Se adesso dovrà concedere il rimborso anche a quanti non sono stati soddisfatti, dovrà pagare altri 245 milioni circa con corrispondente indebolimento del patrimonio che dovrà reintegrare, probabilmente con un aumento di capitale. Ma dato che in Ubi ci si era illusi che le regole del gioco fossero state finalmente definite e fissate, nel frattempo si era entrati nel concreto del discorso delle acquisizioni. In particolare Ubi sta facendo i conti per acquistare tre delle quattro good bank nate dalla risoluzione ((Banca Etruria, Banca Marche, Carichieti). L’operazione dovrebbe comportare, insieme ad altre condizioni, anche un aumento di capitale per rafforzare in ogni caso il patrimonio e c’è discussione sull’importo che potrebbe essere necessario: e, a quanto si apprende, un centinaio di milioni in più o meno sono sentiti come una differenza sensibile. Possiamo immaginare quindi cosa possa avvenire se tra capo e collo arriva una mazzata da altri 245 milioni, per una vicenda tra l’altro ritenuta chiusa da tempo: sono botte che rischiano di bloccare tutto.

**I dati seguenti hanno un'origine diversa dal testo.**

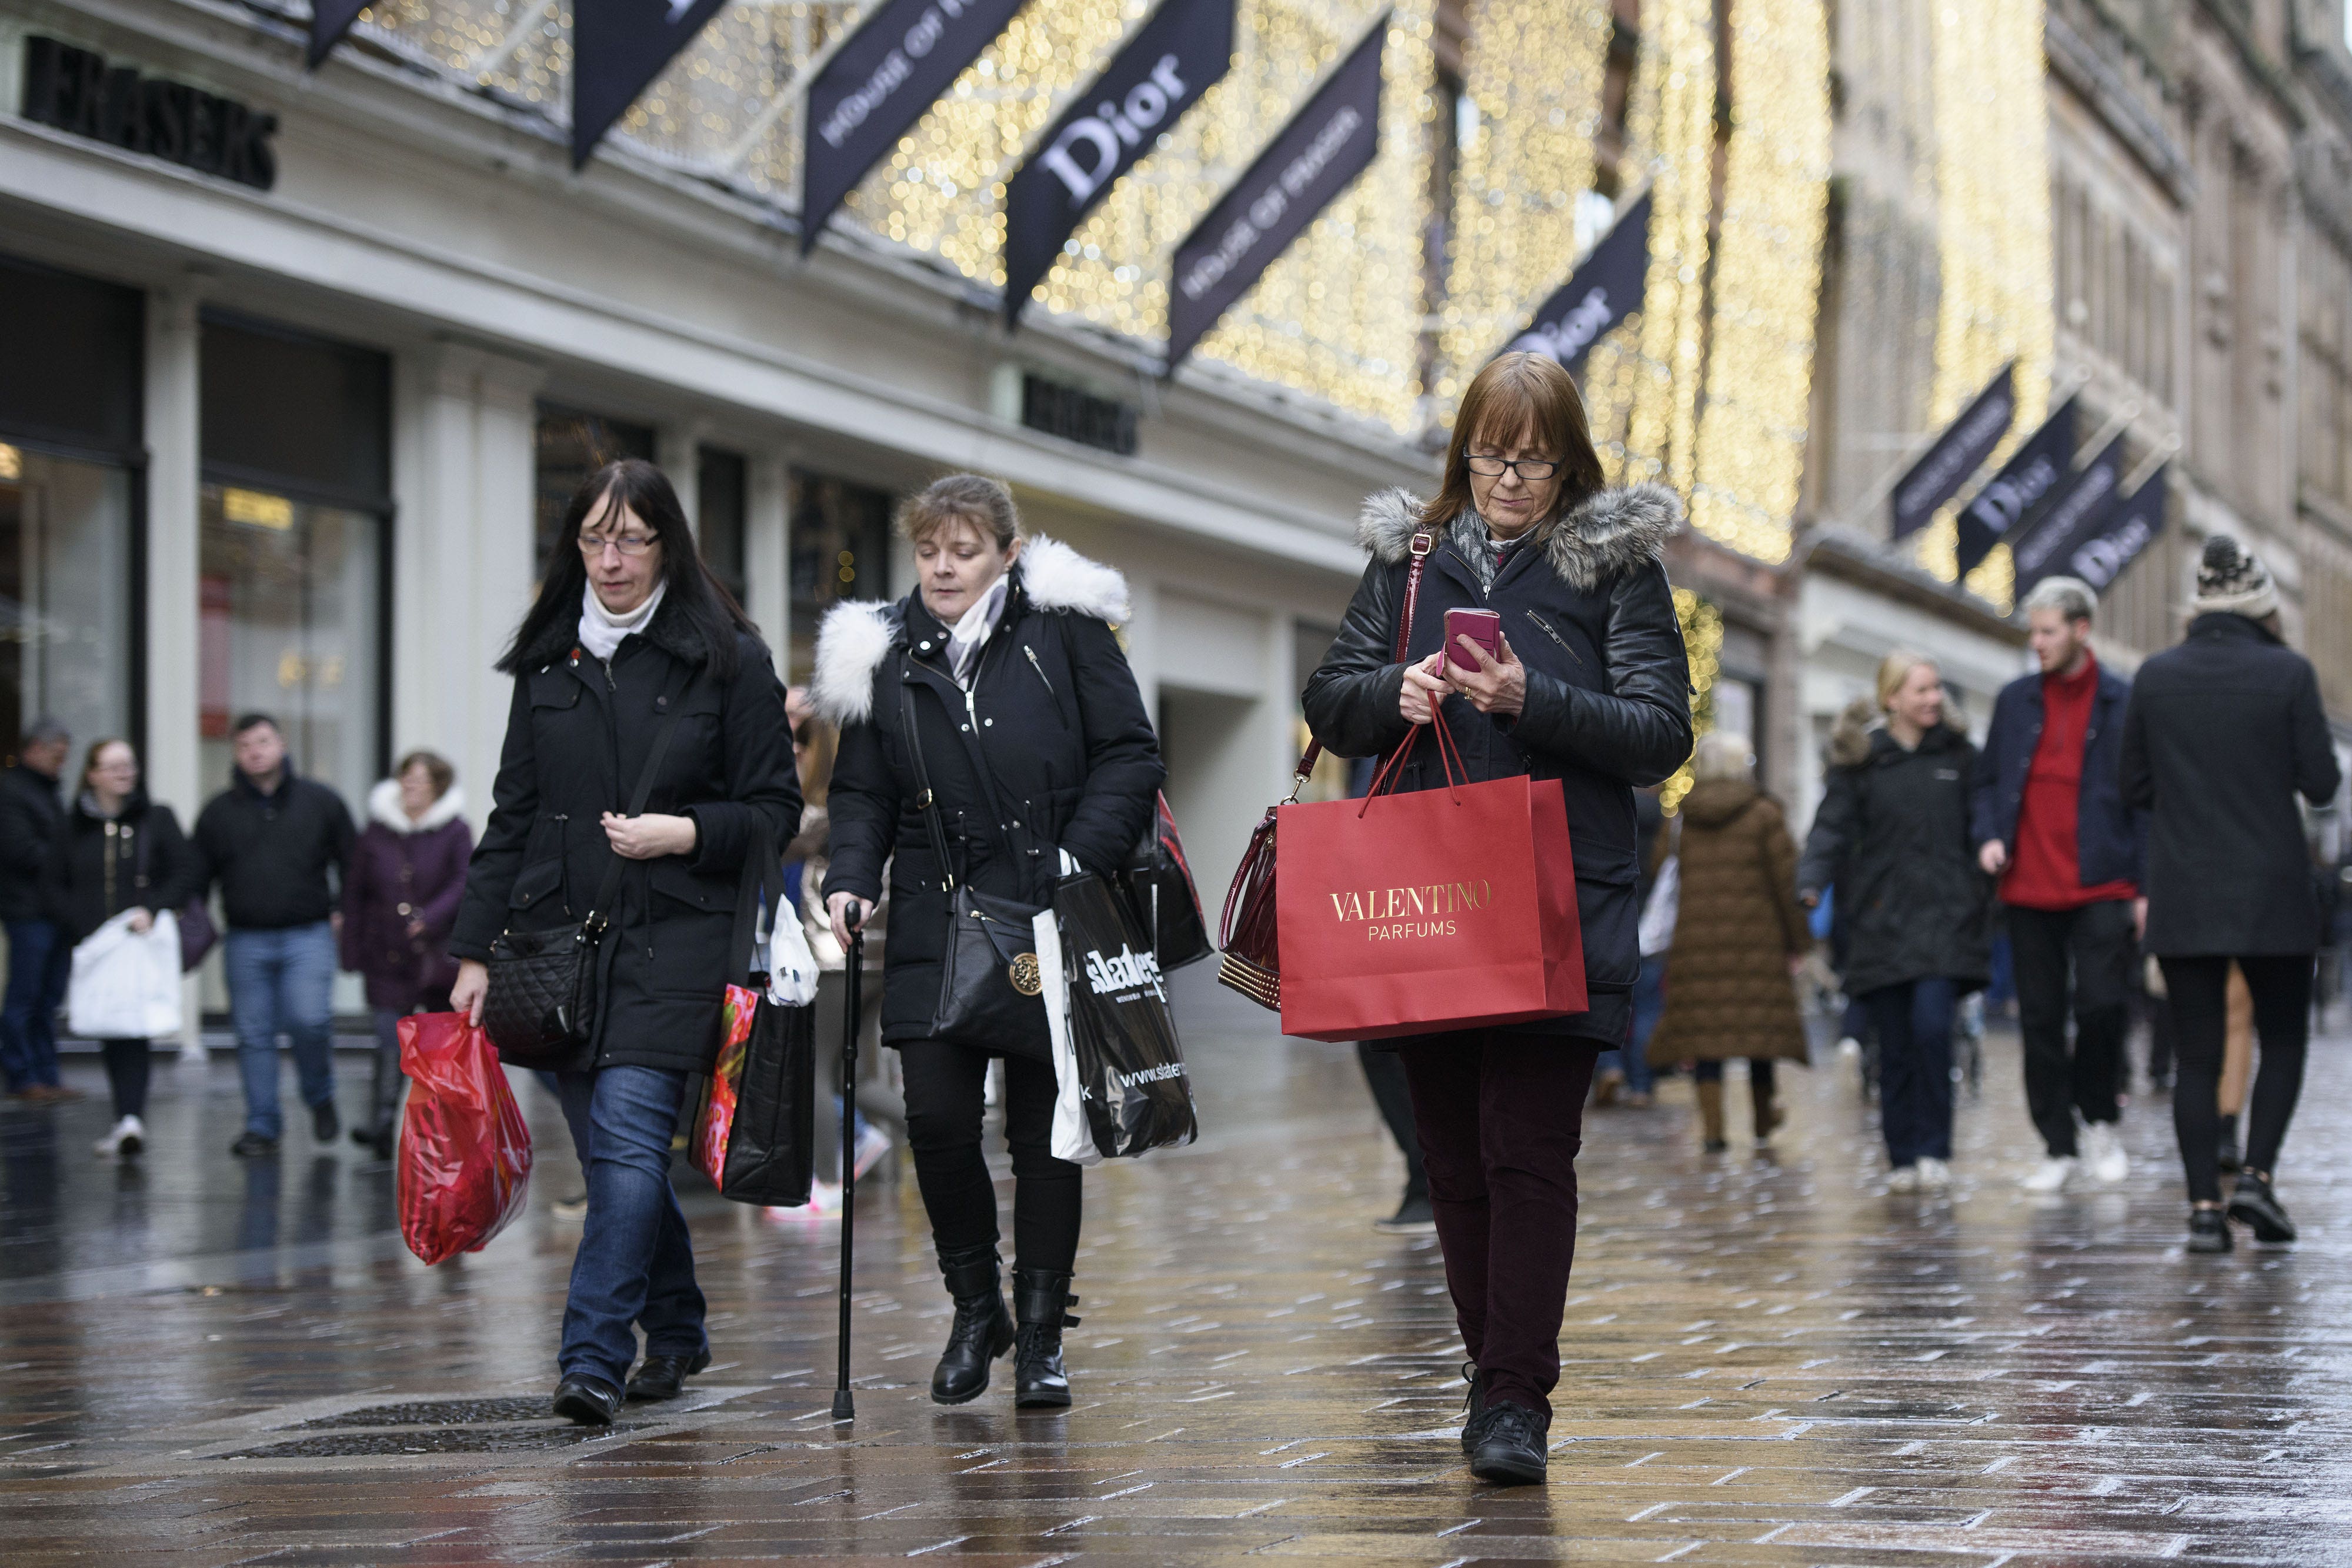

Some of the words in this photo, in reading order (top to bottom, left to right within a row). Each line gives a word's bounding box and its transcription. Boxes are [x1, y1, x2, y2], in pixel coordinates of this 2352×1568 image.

[1035, 53, 1187, 208] Dior
[1329, 879, 1492, 922] VALENTINO
[1369, 920, 1456, 941] PARFUMS

Situazioni simili a quella di Ubi sul recesso si trovano in tutti gli altri istituti che hanno già effettuato la trasformazione ed hanno conseguenze particolarmente pesanti nel caso della fusione tra Bpm e Banco Popolare, con costi supplementari imprevisti che rischiano di dovere ricalcolare l’operazione. Dato che a complicazioni si sommano le complicazioni, nei prossimi giorni sono in programma le assemblee degli ultimi tre istituti che ancora devono diventare Spa: la Popolare di Bari, quella di Sondrio e Volksbank. Che a questo punto non sanno bene cosa fare: la trasformazione rischia di diventare troppo onerosa, ma non trasformarsi rischia di fare violare una legge, che però non si sa bene se continuerà ad essere tale. Già si pensa ad un decreto che tamponi almeno la sospensione decisa dal Consiglio di Stato, in attesa che la Corte Costituzionale magari dica che la riforma non è anticostituzionale e tutto si risolva, anche se non si sa quando. Perché il problema non sono le regole, ma la loro incertezza e i tempi con i quali si prendono le decisioni. Nella triste rassegnazione che nel frattempo ci saranno ancora altre modifiche, non si sa come, non si sa in quale direzione.